The electricity between the couple, and the following whirlwind–gripping hotel room soirees, lively celebrity events, and authentic, witty dialogue–proves to be more than a fling as they navigate commitment together as husband and wife.
Forrester writes the excitement and confusion of finding a person who makes you feel with immense clarity. She is able to aptly highlight the instinctive and consuming nature of love, the futility of attempting to classify those emotions that elude exact description, and the importance of trusting what you know over what you fear. Letting us into the minds and emotions of Riley and Shawn, she is able to emphasize that Black characters can, and do, make mistakes. She allows her characters the space to fumble, learn, and grow— free of judgement.
At a critical point in the novel, after Shawn has been unfaithful, Riley says: “But I know this; it can never be the same between us.” Lorna, Riley’s feminist mother, responds: “It just seems like a romantic notion to me..‘It’ll never be the same’…You decide the terms of your life, Riley. Don’t let someone else’s standards for what marriage is make that decision for you.” Lorna’s character rejects this fragile view of love—that, once damaged, it’s somehow tainted forever—choosing instead to emphasize that stability and growth don’t always go hand in hand.
Forrester never glorifies infidelity. Instead, she examines her characters' unique situations, and the ways in which we hurt people we love, begging us to consider our own limits and boundaries; rather than abiding by the “Hollywood version” of relationship goals. “Someone else’s standards” are oftentimes those ideals created by a world that institutionally has never seen Black people as people – and, by those standards, Black love will never measure up.
As the story unfolds, Forrester illuminates how frequently and deeply we suffer when we derive our happiness from others' validation of our own choices.
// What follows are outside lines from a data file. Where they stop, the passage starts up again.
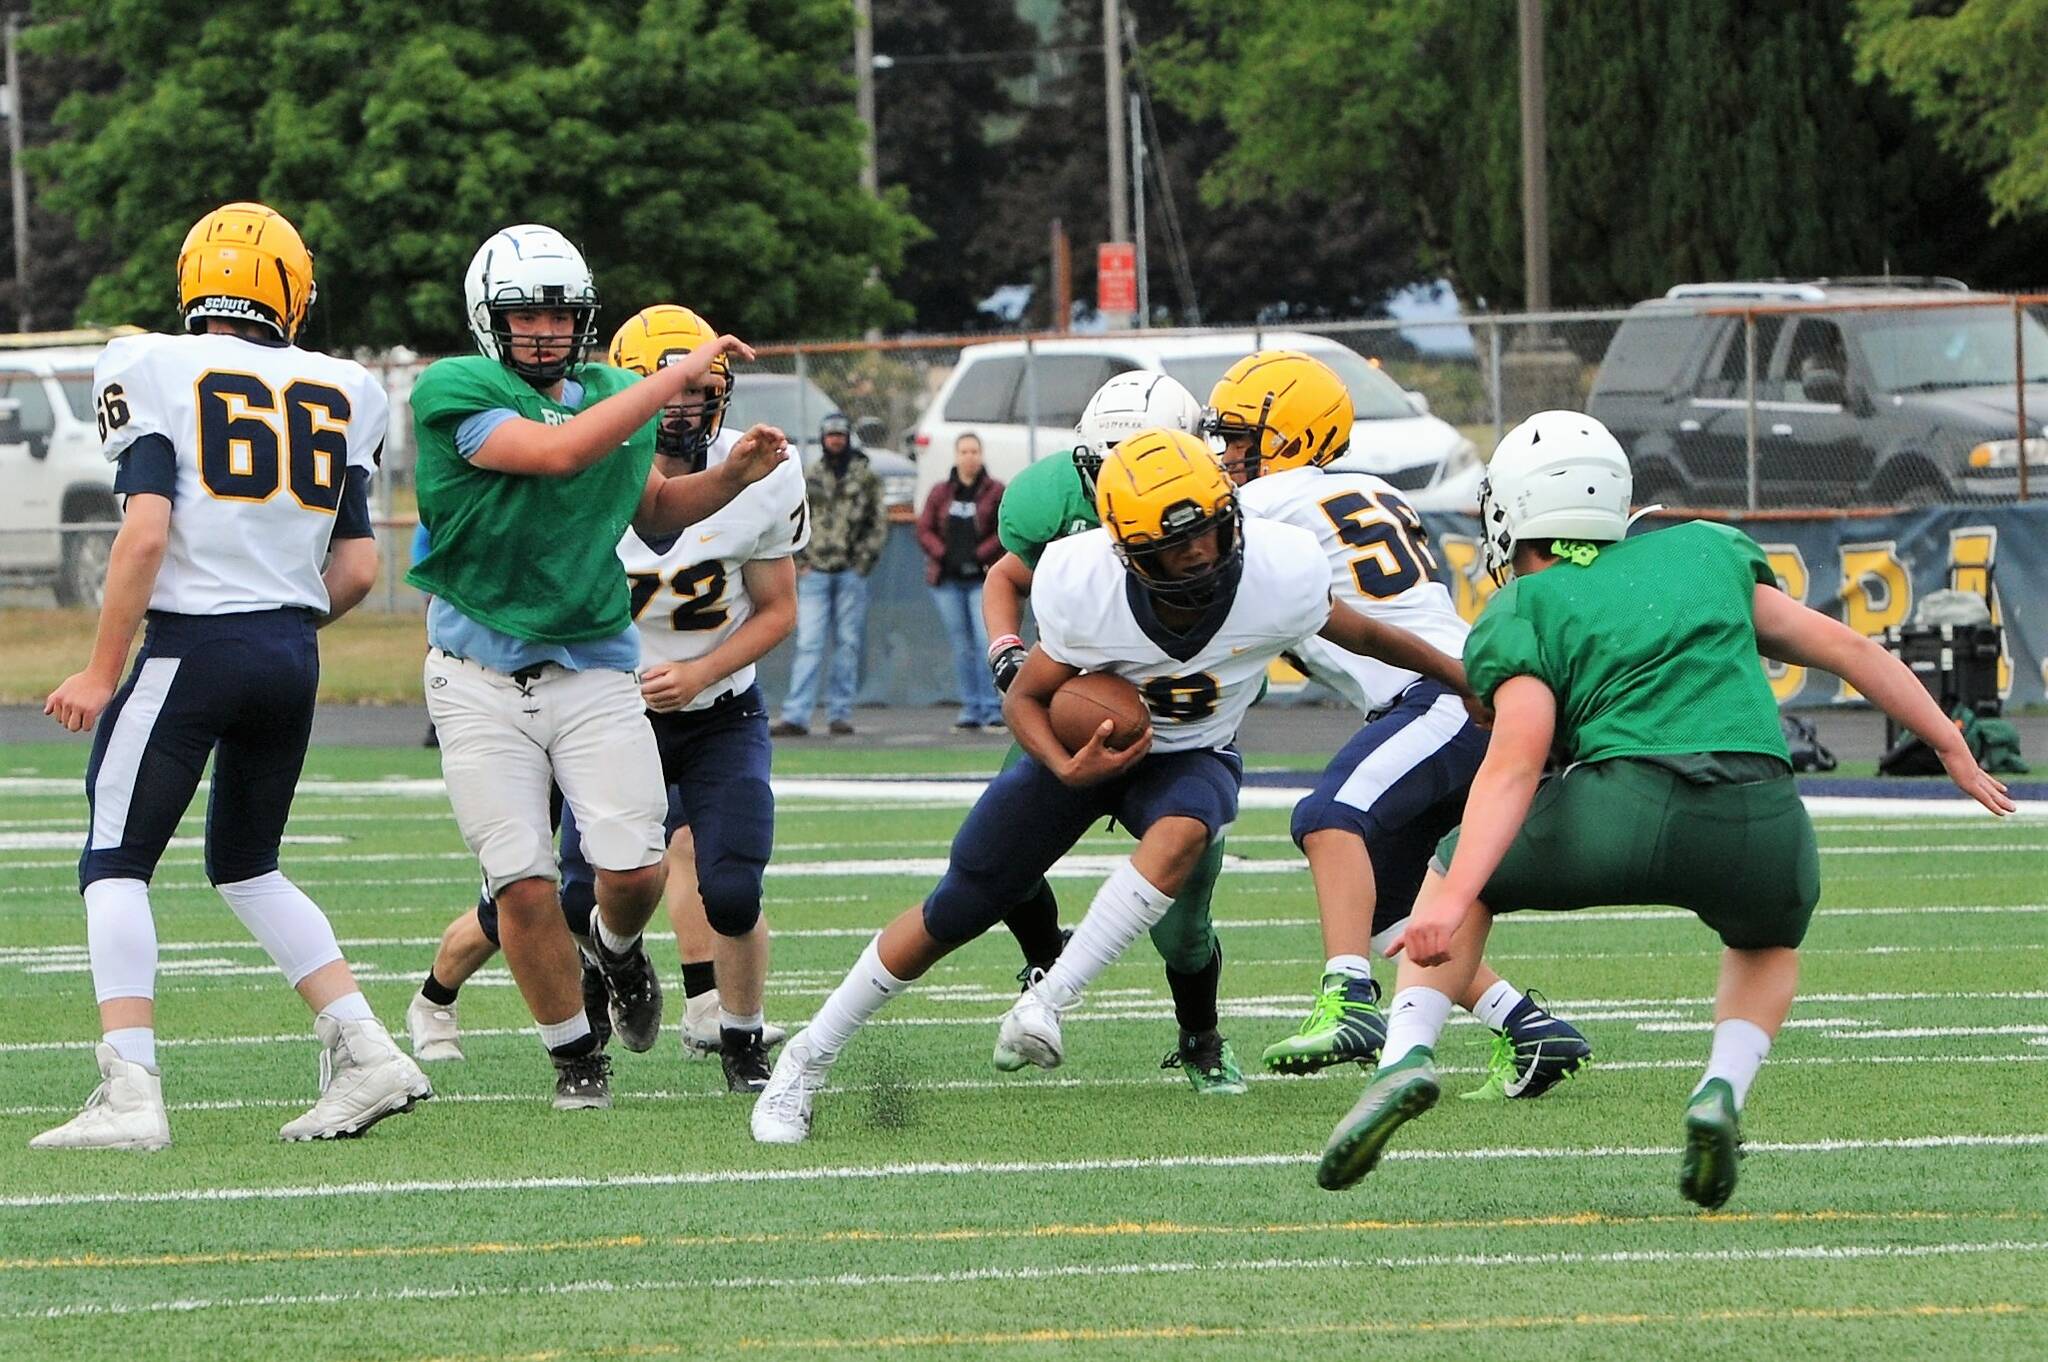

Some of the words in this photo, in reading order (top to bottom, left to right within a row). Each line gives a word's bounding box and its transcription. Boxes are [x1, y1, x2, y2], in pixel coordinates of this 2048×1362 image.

[204, 296, 251, 311] schutt
[194, 368, 353, 516] 66
[627, 559, 732, 633] 72
[1140, 672, 1222, 725] 8
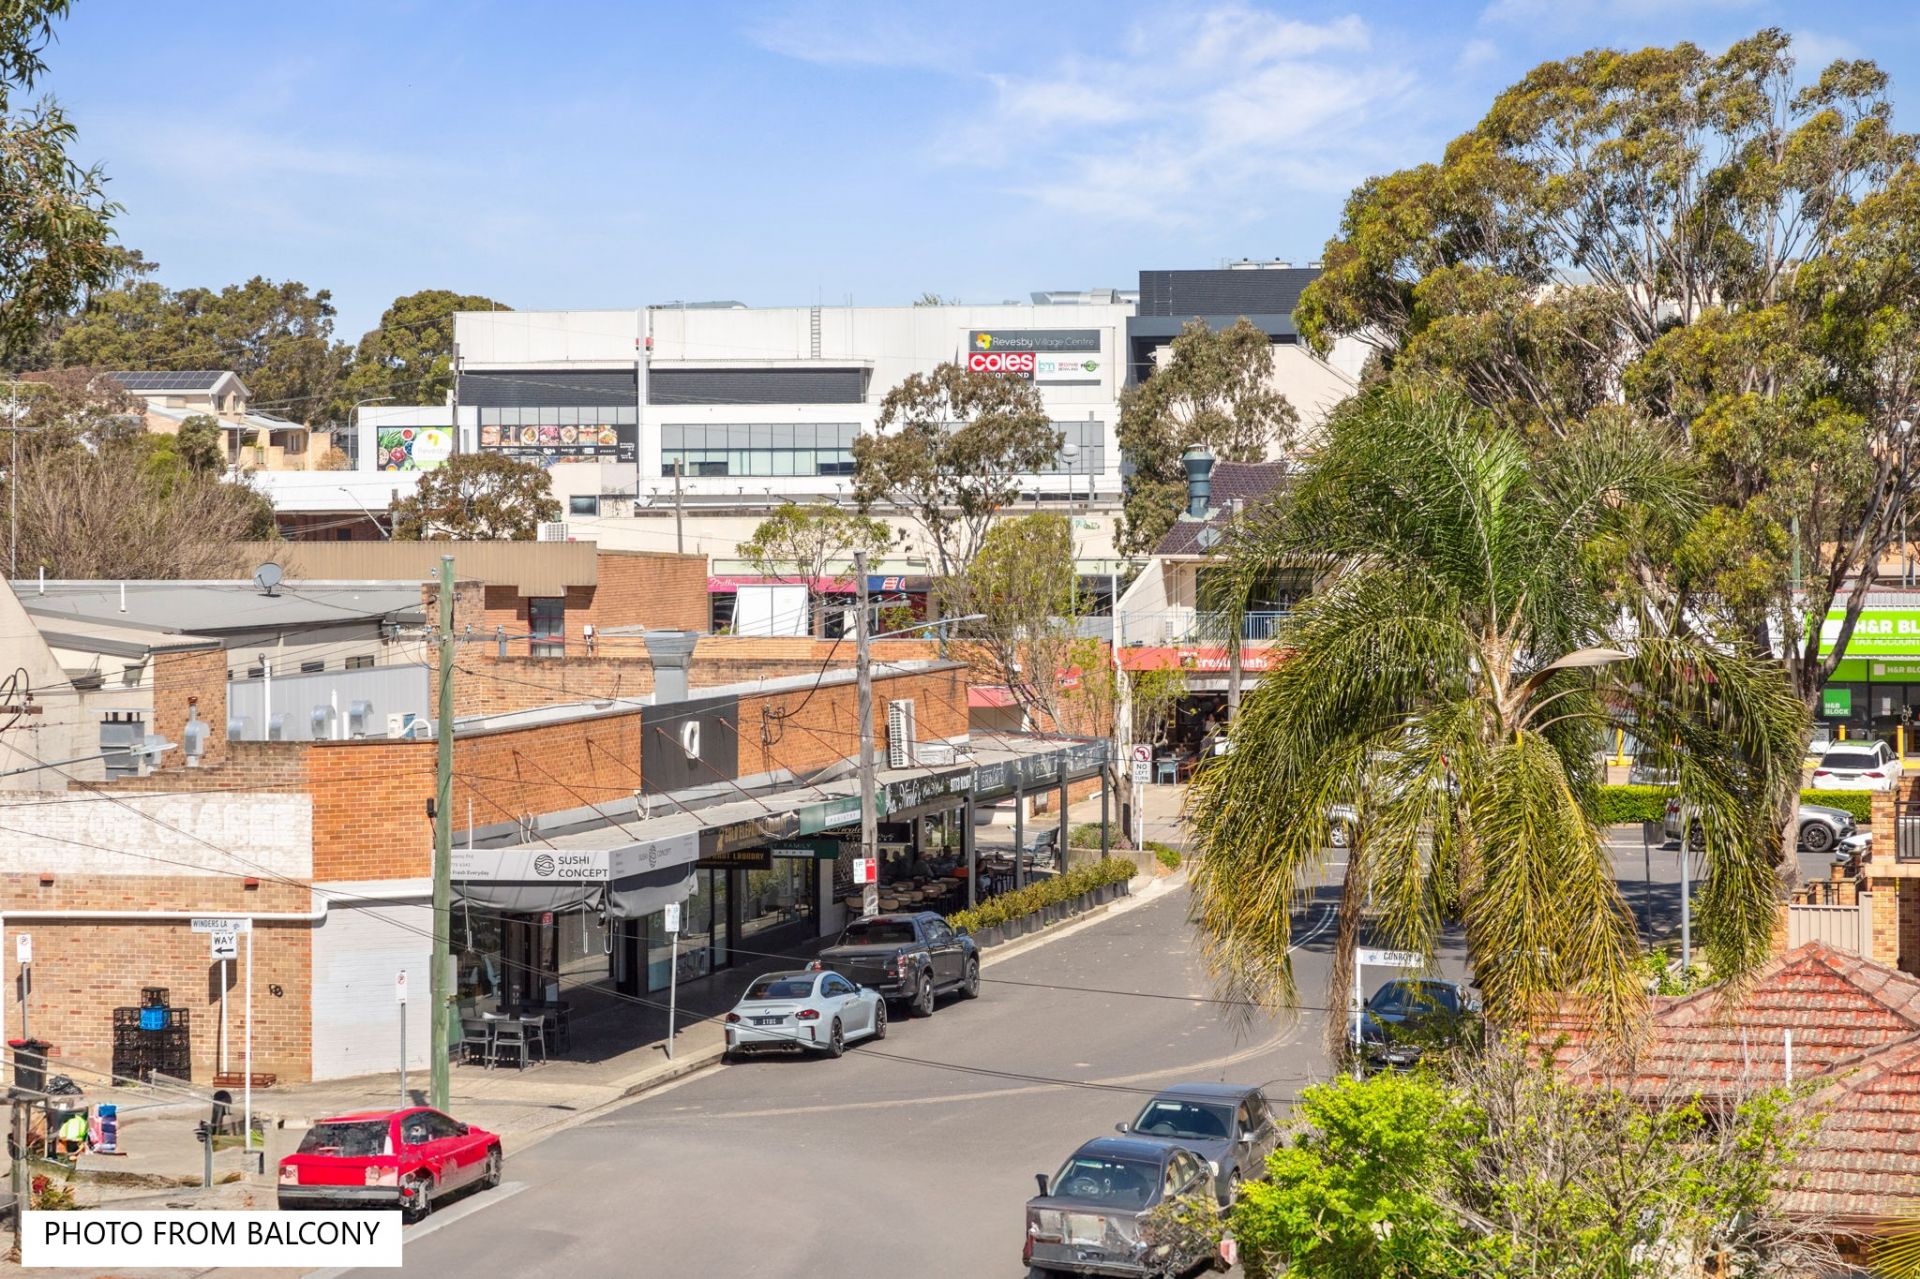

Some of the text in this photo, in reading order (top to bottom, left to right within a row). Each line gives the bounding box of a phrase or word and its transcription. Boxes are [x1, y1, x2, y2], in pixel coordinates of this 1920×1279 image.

[992, 337, 1095, 348] Revesby Village Centre
[970, 353, 1033, 371] coles
[1853, 619, 1893, 634] H&R
[558, 856, 590, 865] SUSHI
[558, 868, 608, 878] CONCEPT
[193, 920, 228, 928] WINDERS LA
[213, 936, 234, 945] WAY
We will only feel the magnitude of our power as Black people, and Black women especially, when we transcend stereotypes often and intentionally, especially as they pertain to love.
Commitment interrogates the standards that we have been institutionally conditioned to blindly accept: that a romance novel can’t be both serious and entertaining, that love can’t be both hurtful and healing, that Black women and men cannot be both imperfect and worthy of forgiveness.